As shown in Figs. 22 and 23, compared with the ConvolGRU, GRU-MHA, ConvolGRU-Attention, and other prediction models, the GRU-MHA and ConvolGRU models exhibit larger fluctuations in both predicted and actual SOC values, while the ConvolGRU-Attention model fused with Convolutional and attention mechanisms has a smoother and more stable predicted curve. The proposed ConvolGRU-MHA fusion model has a curve that closely fits the actual value curve, exhibiting better stability. As evident from Fig. 24, the overall error fluctuation of the proposed prediction model is the smallest, and the maximum error is 0.4%, demonstrating that the proposed ConvolGRU-MHA prediction model has better SOC prediction performance.

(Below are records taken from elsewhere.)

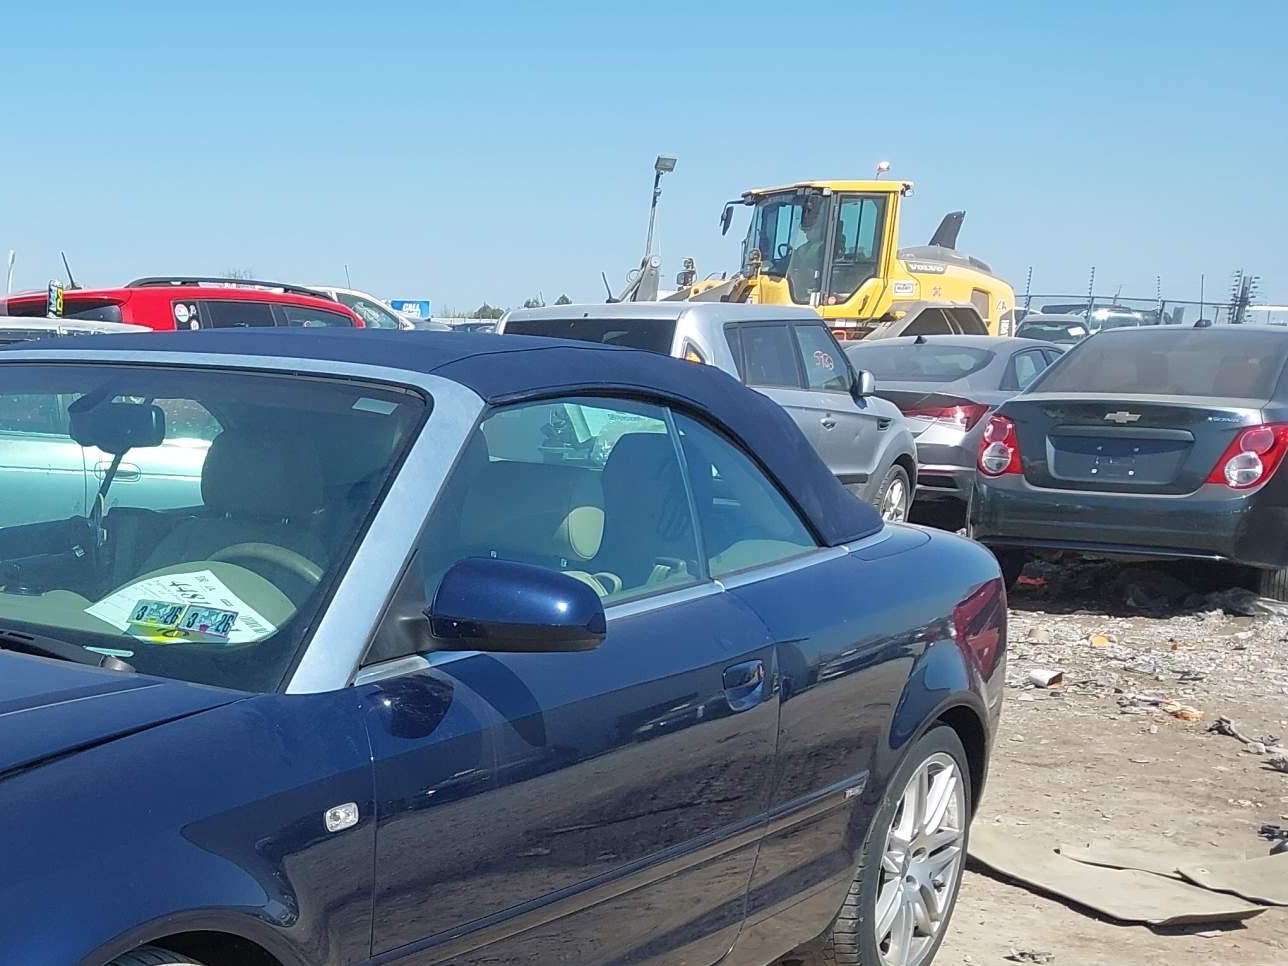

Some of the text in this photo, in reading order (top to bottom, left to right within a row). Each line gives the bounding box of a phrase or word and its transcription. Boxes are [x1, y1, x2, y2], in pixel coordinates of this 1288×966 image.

[908, 263, 944, 273] VOLVO
[135, 605, 183, 625] 3 26
[186, 612, 199, 628] 3
[215, 613, 235, 633] 26
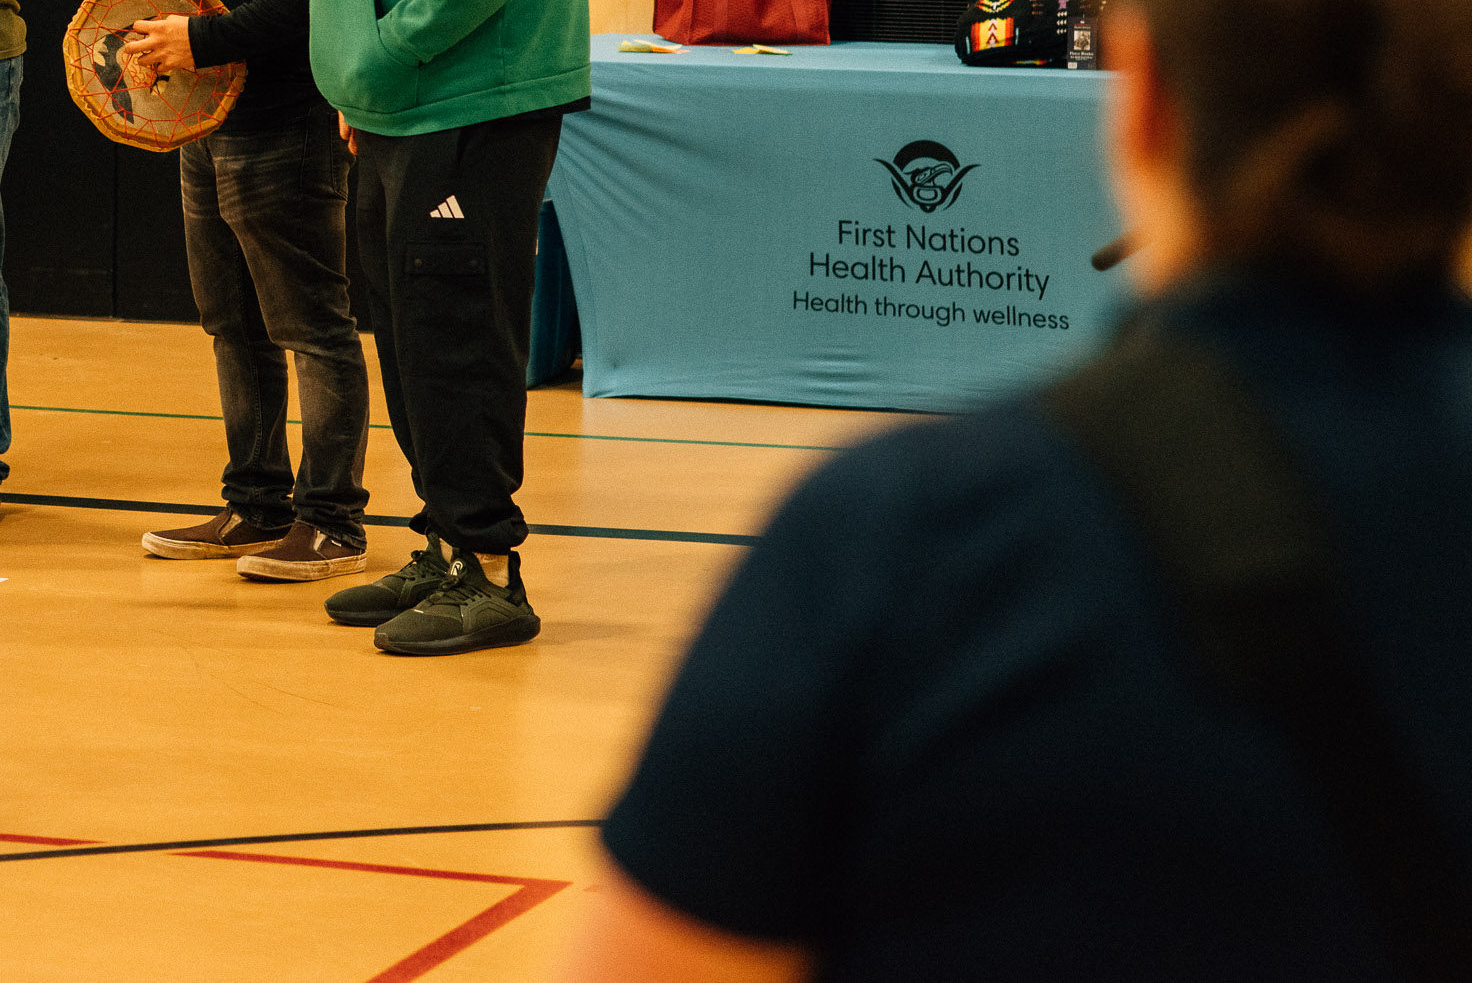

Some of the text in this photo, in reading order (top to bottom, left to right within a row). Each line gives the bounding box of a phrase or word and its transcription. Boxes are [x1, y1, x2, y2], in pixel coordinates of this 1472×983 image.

To further compare and analyze the predictive performance of the four algorithms, the Mean Absolute Error (MAE) and Root Mean Square Error (RMSE) were employed for comparison. Table 5 shows the RMSE and MAE of different prediction models. Based on Table 5, the proposed method applied in ConvolGRU-MHA model exhibits better predictive indicators than that of other models, such as GRU-MHA, ConvolGRU, and ConvolGRU-Attention. ConvolGRU-MHA prediction model has a smaller MAE and RMSE than the other three models, indicating that the proposed ConvolGRU-MHA prediction model has better SOC prediction performance.

Table 5 RMSE and MAE predicted by SOC of different models.

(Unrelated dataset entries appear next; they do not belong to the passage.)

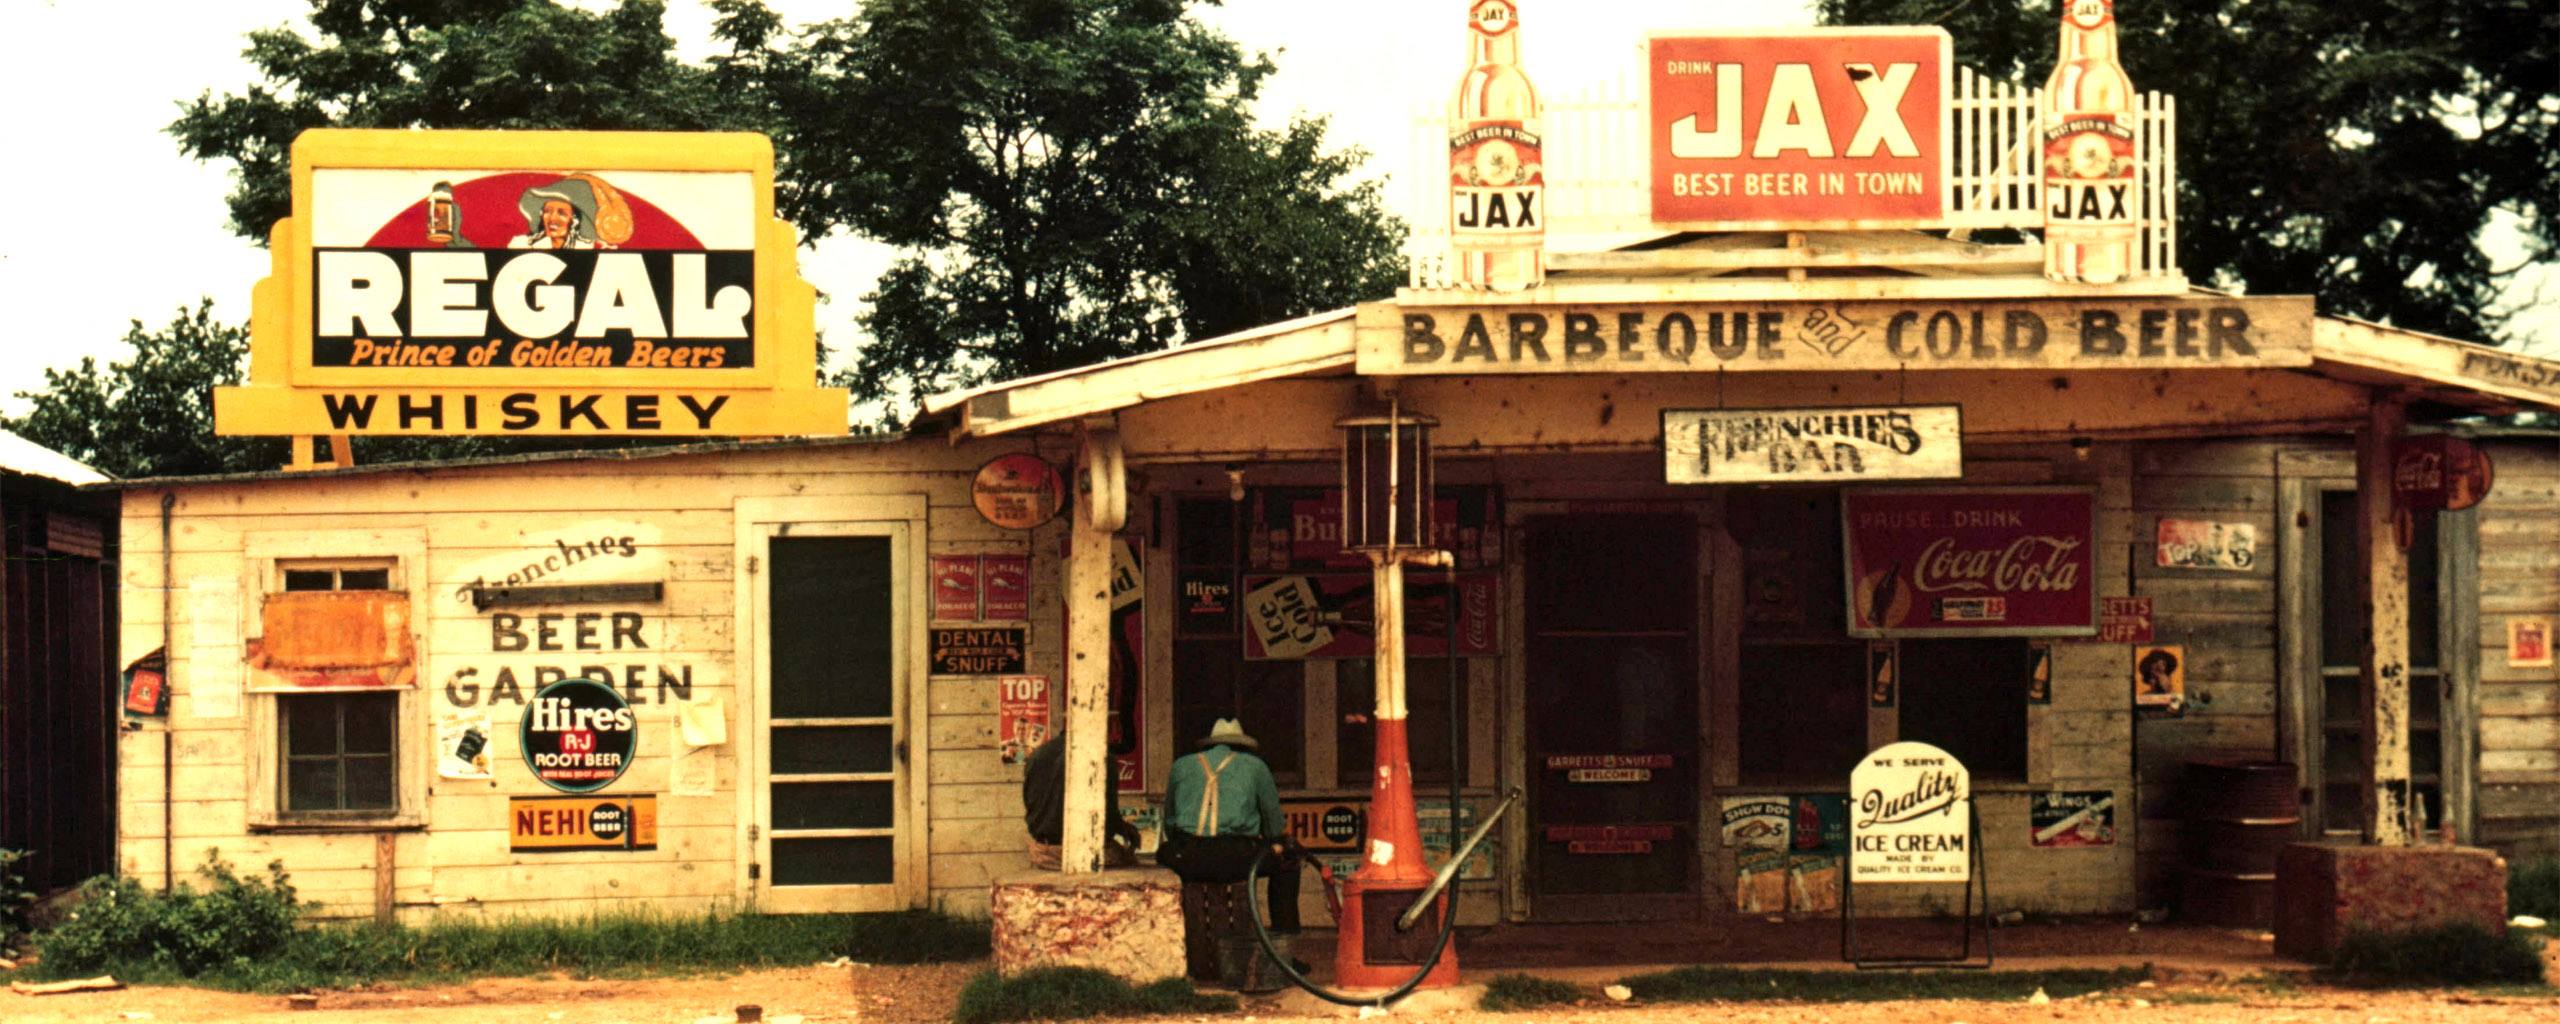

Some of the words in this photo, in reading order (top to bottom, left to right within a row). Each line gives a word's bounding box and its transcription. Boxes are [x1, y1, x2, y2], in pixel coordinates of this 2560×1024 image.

[1483, 9, 1505, 21] JAX
[2078, 4, 2099, 16] JAX
[1667, 61, 1713, 75] DRINK
[1670, 62, 1922, 159] JAX
[1454, 130, 1476, 147] BEST
[1476, 126, 1502, 139] BEER
[1503, 127, 1514, 138] IN
[1514, 130, 1539, 146] TOWN
[2048, 125, 2070, 140] BEST
[2070, 120, 2095, 133] BEER
[2107, 123, 2131, 139] TOWN
[1673, 172, 1735, 197] BEST
[1744, 172, 1808, 196] BEER
[1819, 172, 1845, 196] IN
[1854, 172, 1923, 196] TOWN
[1459, 191, 1536, 229] JAX
[2052, 184, 2127, 220] JAX
[318, 250, 753, 339] REGAL
[1402, 311, 1786, 366] BARBEQUE
[1803, 308, 1866, 358] and
[1886, 308, 2049, 359] COLD
[2080, 306, 2258, 357] BEER
[350, 339, 456, 367] Prince
[467, 339, 502, 367] of
[510, 338, 613, 367] Golden
[625, 339, 726, 367] Beers
[321, 392, 731, 431] WHISKEY
[1699, 410, 1922, 476] FRENCHIES
[1769, 440, 1865, 474] BAR
[1859, 511, 1932, 529] PAUSE
[1953, 510, 2023, 529] DRINK
[1914, 534, 2084, 592] Coca-Cola
[2158, 540, 2198, 566] TOP
[1186, 581, 1229, 596] Hires
[1273, 581, 1319, 645] Cold
[1466, 582, 1488, 649] Coca-Cola
[2100, 600, 2150, 614] RETTS
[491, 612, 650, 652] BEER
[1259, 599, 1291, 648] Ice
[2102, 624, 2138, 641] UFF
[938, 630, 1018, 648] DENTAL
[946, 657, 1009, 673] SNUFF
[445, 664, 692, 709] GARDEN
[1003, 679, 1045, 700] TOP
[531, 697, 633, 732] Hires
[565, 733, 592, 750] R-J
[535, 753, 582, 768] ROOT
[585, 753, 622, 767] BEER
[1874, 758, 1893, 767] WE
[1902, 758, 1945, 767] SERVE
[1583, 770, 1636, 780] WELCOME
[1857, 769, 1962, 829] Quality
[2045, 792, 2092, 808] WINGS
[516, 808, 584, 837] NEHI
[592, 810, 621, 821] ROOT
[1326, 814, 1353, 823] ROOT
[1725, 804, 1762, 822] SHOW
[592, 822, 621, 832] BEER
[1285, 811, 1318, 838] HI
[1326, 826, 1353, 835] BEER
[1856, 834, 1889, 852] ICE
[1895, 834, 1964, 852] CREAM
[1886, 855, 1912, 863] MADE
[1921, 855, 1935, 863] BY
[1857, 865, 1892, 875] QUALITY
[1897, 865, 1911, 874] ICE
[1915, 865, 1946, 874] CREAM

Comparisons with other methods

Table 6 compares the proposed estimation performance to other model-based algorithms. These comparisons were conducted under similar or the same condition as this study.

Table 6 RMSE and MAE predicted by SOC of different models.

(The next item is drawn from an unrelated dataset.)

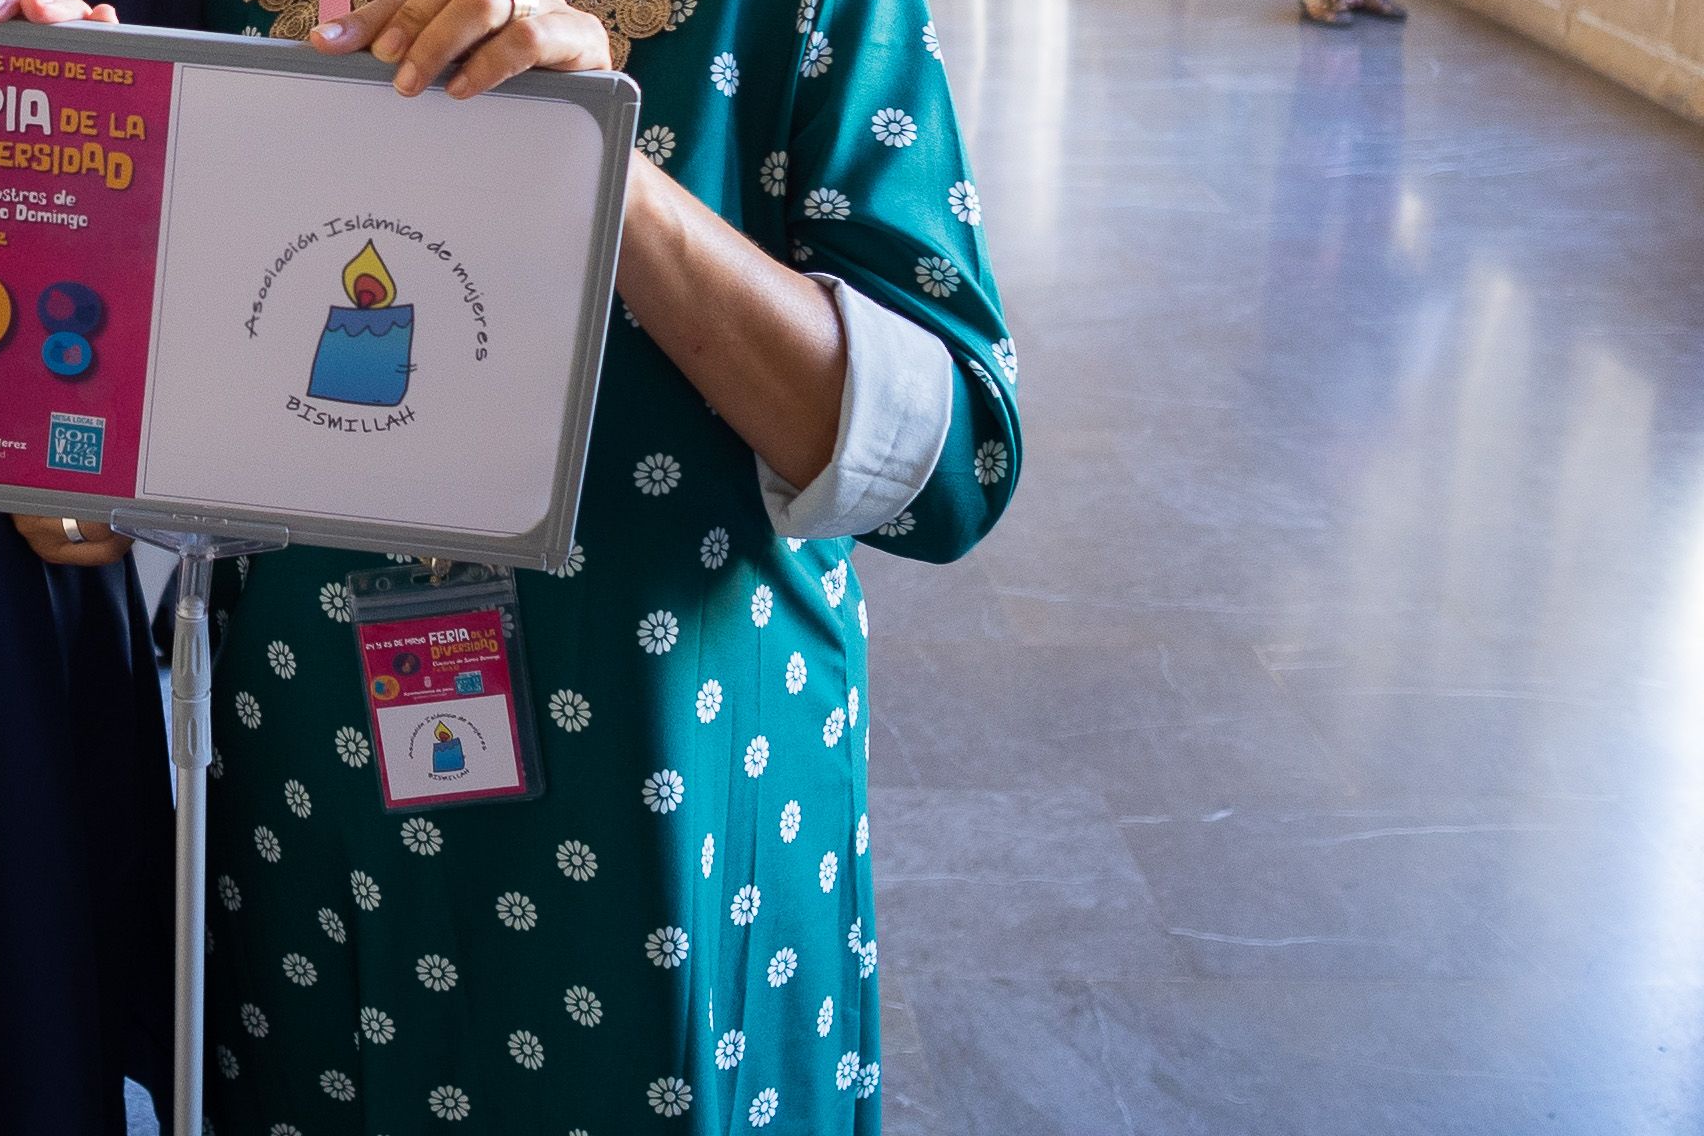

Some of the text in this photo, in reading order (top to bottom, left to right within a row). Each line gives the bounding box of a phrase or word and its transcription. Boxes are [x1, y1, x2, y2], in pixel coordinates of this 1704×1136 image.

Zhang considered using Kalman filter to modify the estimated result curve and improve the anti-interference performance of the network model. Bian Used BLstm to consider historical and future information, the bidirectional model constructed can capture the time information of LIBS from past and future directions, thus improving the estimation accuracy; Hannan changed the number of GRU hidden layers to improve the model's prediction performance. However, the feature information of the data is not fully extracted. In this paper, the convolution layer, GRU and multi-head attention mechanism are combined to extract data features from the two dimensions of time and space, and the data features extracted from the convolutional layer of multi-head attention mechanism and GRU are used to calculate the attention weight of variables, which can better identify the input variables related to SOC prediction. It can effectively reduce the prediction error of the model.

Conclusions

This study proposed a ConvolGRU-MHA method for predicting the SOC of lithium-ion batteries. Two different evaluation functions, namely, MAE and RMSE, were employed to verify the accuracy of this proposed method. The predictive performance was also compared with that of GRU-MHA, ConvolGRU, and ConvolGRU-Attention models using a public dataset. Results indicate that The results show that the proposed model has the lowest RMSE of 0.67% and MAE of 0.53% compared with other predictive models. Compared to the single-fusion predictive models ConvolGRU and GRU-MHA, RMSE is reduced about 0.24 and MAE is reduced about 0.19. Compared to the ConvolGRU-Attention prediction model, RMSE was reduced 0.0151 and MAE was reduced 0.0101.The ConvolGRU-MHA model takes advantage of the powerful feature extraction capabilities of convolutional layers and GRU networks' ability to preserve the temporal data, allowing for comprehensive exploration of data features. The proposed model utilizes a multi-head attention mechanism, extracts more important features, and achieves effective and accurate prediction.